One more thing about yesterday:
My wife and I fully intend to take care of Christmas early this year. No last minute scrambling for gifts, no tardiness on Christmas cards. Get it done and done quick, then just sit back and enjoy. That’s our plan. So yesterday we told the kids it’s time for wish lists.
Reading over those (Legos and a 3DS for him, books and more books for her) made me think of something else that tied in a roundabout way to Veterans. It happened on the Western Front around Christmas in 1914, in the midst of World War I. And though no American forces were involved, I still want to share it. It goes to a larger story, I think. One about all of us.
In that week leading up to Christmas, fighting in the trenches between German and British soldiers slackened. Enough, in fact, that soldiers from both countries would even walk across no-man’s land bearing gifts. Season’s greetings were exchanged. And in those brief but welcomed moments between the gunfire, soldiers often heard the singing of carols. It all culminated on the Christmas Eve and Christmas Day almost a hundred years ago, when both sides decided on their own that war simply wasn’t right. They joined together for those two those days not as enemies, but as human beings. There were joint ceremonies to bury the dead. There was even a friendly soccer match.
The war went on after that, of course. There were attempts the following year for another Christmas truce, but it was not as widespread. The generals—ones who strategized and ordered but rarely fought and bled—prohibited it. Poison gas began to be used. The levels of fighting and dying greatly increased. Each side began to view the other as less than human.
I thought about that a lot on Sunday, sitting there in my comfortable living room with my family around me and the sun shining outside.
I am thankful for my country. I am thankful for those who’ve fought and died for me.

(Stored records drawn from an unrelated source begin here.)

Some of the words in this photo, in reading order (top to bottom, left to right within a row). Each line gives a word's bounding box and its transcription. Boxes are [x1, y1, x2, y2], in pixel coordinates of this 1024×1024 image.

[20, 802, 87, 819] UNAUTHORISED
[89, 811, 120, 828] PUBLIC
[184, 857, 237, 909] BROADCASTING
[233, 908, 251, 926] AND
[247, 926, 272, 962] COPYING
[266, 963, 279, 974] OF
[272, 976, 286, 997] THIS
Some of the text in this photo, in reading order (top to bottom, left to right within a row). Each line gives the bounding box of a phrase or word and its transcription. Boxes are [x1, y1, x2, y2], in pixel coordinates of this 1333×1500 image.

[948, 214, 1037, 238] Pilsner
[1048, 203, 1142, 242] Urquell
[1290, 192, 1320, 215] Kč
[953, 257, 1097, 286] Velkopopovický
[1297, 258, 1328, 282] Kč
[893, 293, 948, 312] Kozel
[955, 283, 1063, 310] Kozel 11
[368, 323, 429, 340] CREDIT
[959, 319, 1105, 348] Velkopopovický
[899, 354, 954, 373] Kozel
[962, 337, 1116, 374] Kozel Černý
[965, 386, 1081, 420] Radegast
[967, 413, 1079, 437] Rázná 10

And yet even as I give thanks I also mourn for the families left shattered, both by those who never returned from war, and those who went to war thinking they’d never return only to come home and not survive the peace they deserved.

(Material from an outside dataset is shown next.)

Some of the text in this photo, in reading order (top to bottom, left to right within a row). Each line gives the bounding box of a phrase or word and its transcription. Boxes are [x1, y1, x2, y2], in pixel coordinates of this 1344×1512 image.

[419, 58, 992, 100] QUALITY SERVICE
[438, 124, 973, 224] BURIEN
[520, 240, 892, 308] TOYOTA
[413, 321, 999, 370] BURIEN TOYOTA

I understand this is a mean world. I know there are people and nations who want nothing more than to see the end of this country, and I thank God daily that I can work and rest and play thanks to the men and women who wear our uniform and bear our flag.
I am not a pacifist. Yet I wish for peace, even as I know that peace will never come.
But I wonder what would happen if all the men in all the wars that rage upon this earth would one day decide war simply wasn’t right. I wonder what would happen if we saw everyone as human. People who struggle and hurt and dream and love just as we do.